**Task description**
The records follow. Copy them exactly, but omit the pictures.

**Supplied data**

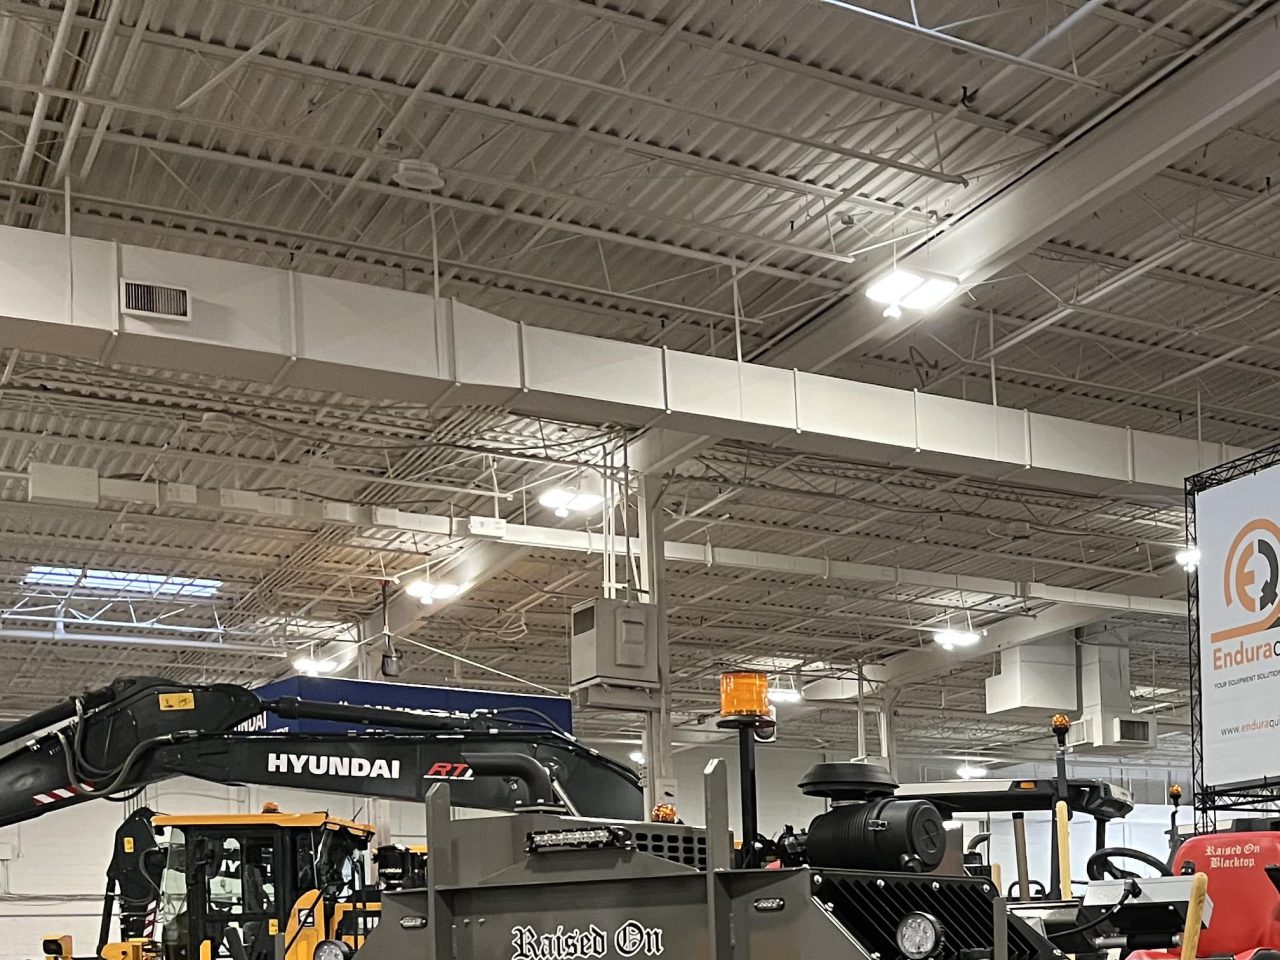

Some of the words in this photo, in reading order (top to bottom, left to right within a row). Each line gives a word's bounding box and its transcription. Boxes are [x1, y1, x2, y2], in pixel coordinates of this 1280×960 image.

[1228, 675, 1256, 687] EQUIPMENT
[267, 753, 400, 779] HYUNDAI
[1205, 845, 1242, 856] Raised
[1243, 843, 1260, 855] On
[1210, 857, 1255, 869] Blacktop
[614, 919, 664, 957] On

**Output**
Some of the words in this photo, in reading order (top to bottom, left to right within a row). Each line gives a word's bounding box and its transcription. Boxes are [x1, y1, x2, y2], in pixel coordinates of this 1280×960 image.

[1228, 675, 1256, 687] EQUIPMENT
[267, 753, 400, 779] HYUNDAI
[1205, 845, 1242, 856] Raised
[1243, 843, 1260, 855] On
[1210, 857, 1255, 869] Blacktop
[614, 919, 664, 957] On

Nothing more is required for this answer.